Krankenkassen erwägen Klage gegen Lauterbachs Reformpläne

Die Reformpläne von Karl Lauterbach gehen aus Sicht der Krankenkassen zunehmend in die falsche Richtung. Sie drohen mit Klage, falls die Versicherten Kosten aufgebürdet bekommen, die die Steuerzahler übernehmen müssten.

Im Streit um die Krankenhausreform erwägen die Krankenkassen juristische Schritte gegen die Bundesregierung. Anlass sind Pläne, den Umbau der Krankenhauslandschaft auch mit Mitteln aus der gesetzlichen Krankenversicherung zu finanzieren. „Es werden munter weiter Lasten auf die Gesetzliche Krankenversicherung verteilt“, kritisierte die Chefin des Verbands der Ersatzkassen (vdek), Ulrike Elsner, im Gespräch mit der „Ärzte Zeitung“ (Donnerstag).

„Die angedachte Finanzierung des Klinikumbaus ist etwas, was Beitragszahlerinnen und Beitragszahler über Jahre hinweg massiv belasten würde“, fügte sie hinzu. Auf die Frage, ob die Kassen erwögen, dagegen zu klagen, antwortete Elsner mit einem klaren „Ja“. Der Spitzenverband der gesetzlichen Krankenversicherung habe eine verfassungsrechtliche Expertise bei der Staatsrechtlerin Dagmar Felix von der Universität Hamburg in Auftrag gegeben.

Der von Gesundheitsminister Karl Lauterbach (SPD) und den Ländern geplante Umbau der stationären Versorgung soll aus einem Transformationsfonds bezahlt werden, in den ab 2026 jedes Jahr unter anderem 2,5 Milliarden Euro aus Beitragsgeldern der Versicherten fließen sollen. Allein aufgrund der Gesetzgebung zur Krankenhausreform rechnet die Gesetzliche Krankenversicherung daher für die Jahre bis 2027 mit einer Erhöhung um 0,3 Beitragssatzpunkte.

Lauterbach will am Mittwoch bei einem Treffen in Berlin mit seinen Kolleginnen und Kollegen aus den Ländern über einen inzwischen vorgelegten Gesetzentwurf zur Krankenhausreform sprechen.
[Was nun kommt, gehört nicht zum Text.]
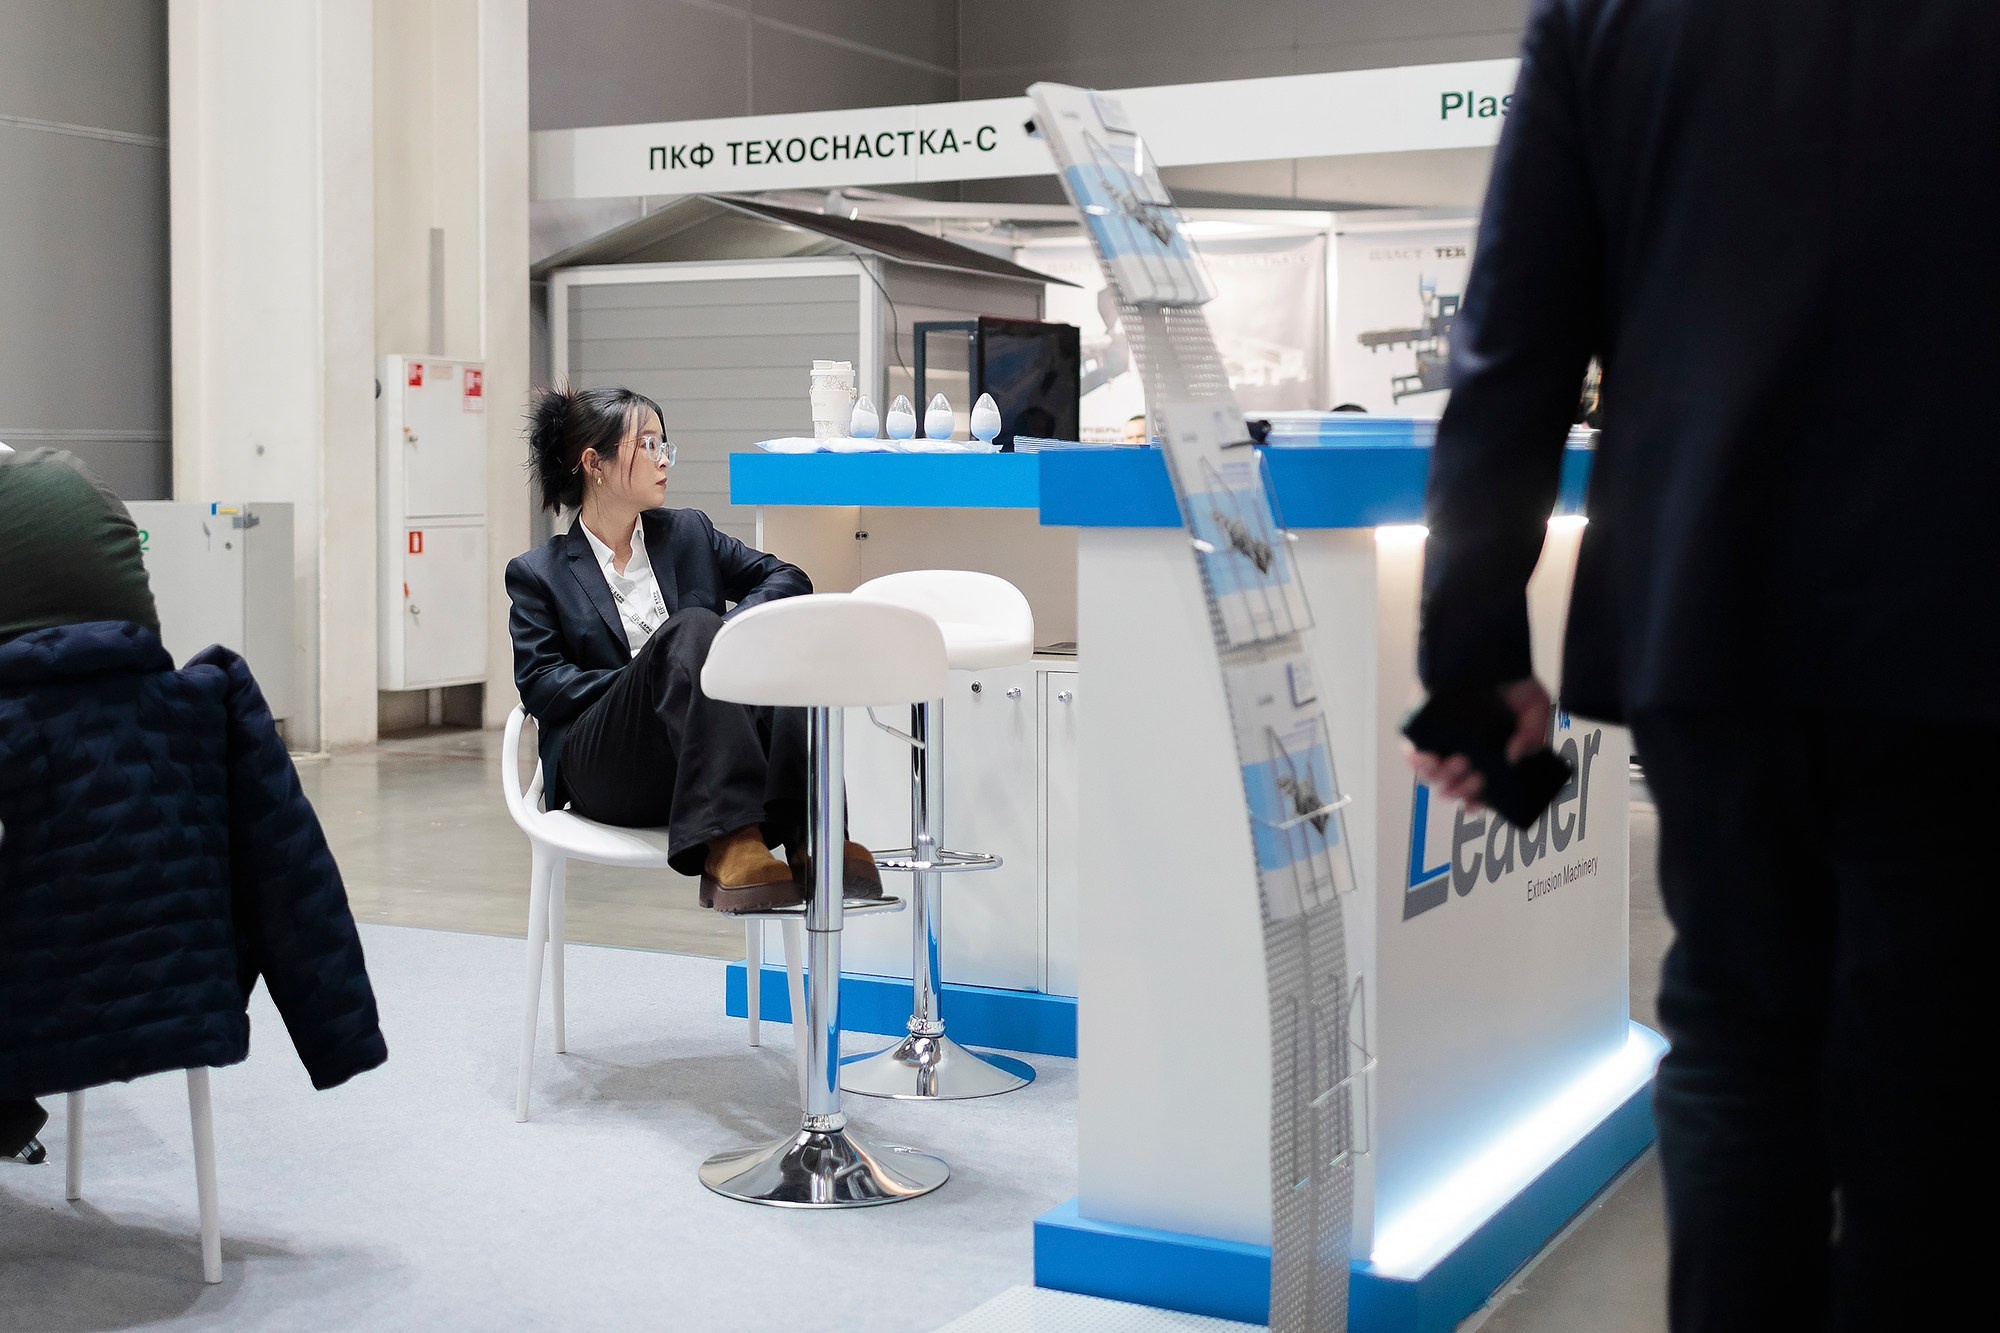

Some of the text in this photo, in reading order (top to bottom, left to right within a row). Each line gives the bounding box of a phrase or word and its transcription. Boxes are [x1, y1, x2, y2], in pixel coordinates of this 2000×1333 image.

[648, 126, 998, 171] ПКФ ТЕХОСНАСТКА-С
[1527, 856, 1599, 903] Extrusion Machinery
Ein wesentliches Ziel der Krankenhausreform ist es, die Behandlungsqualität der Patienten zu verbessern, indem nicht mehr jede Klinik alles machen darf, sondern die für eine Leistung notwendigen Mindeststrukturen vorgewiesen werden müssen. Nur dann erhält die Klinik auch eine entsprechende Leistungsgruppe und darf die Leistung abrechnen. Auch soll sich die Finanzierung der Krankenhäuser ändern, so dass die Kliniken von dem finanziellen Druck befreit werden, immer mehr Patienten behandeln zu müssen. Künftig sollen sie 60 Prozent der Vergütung allein schon für das Vorhalten von Angeboten bekommen.

Der Vorstandsvorsitzende der Techniker Krankenkasse, Jens Baas, erklärte, die Reform nähere sich „immer mehr dem Kipppunkt, an dem keine Reform das kleinere Übel ist“. Das ursprüngliche Ziel, flächendeckend mehr Qualität durch sinnvolle Arbeitsteilung zwischen den Kliniken zu schaffen, gerate mehr und mehr in den Hintergrund. Stattdessen entstünden immer mehr Kostenfallen für die Beitragszahler: „Beim Transformationsfonds sollen sie mit 25 Milliarden Euro einspringen, großzügige Zuschläge sollen hunderte Millionen Euro kosten und wenn die Einzelfallprüfung bei der Abrechnung wegfällt, wird es noch viel teurer.“

Die Bilanz von Baas: „Kommt die Reform so wie sie jetzt vorgesehen ist, sind die über 74 Millionen GKV-Versicherten doppelt gestraft, als Patientinnen und Patienten und als Beitragszahlende. Die Reform braucht dringend eine Kurskorrektur.“

Bayerns Gesundheitsministerin Judith Gerlach (CSU) sagte der „Augsburger Allgemeinen“ (Mittwoch), die Länder sähen nach wie vor an vielen Stellen dringenden Änderungsbedarf. „Ich erwarte, dass Lauterbach die Bedenken und Bedürfnisse der Länder ernst nimmt.“ Bayern setze sich unter anderem dafür ein, dass die Länder Abweichungsmöglichkeiten von den bundesweiten Strukturvorgaben bekämen, um die Versorgungssicherheit gewährleisten zu können.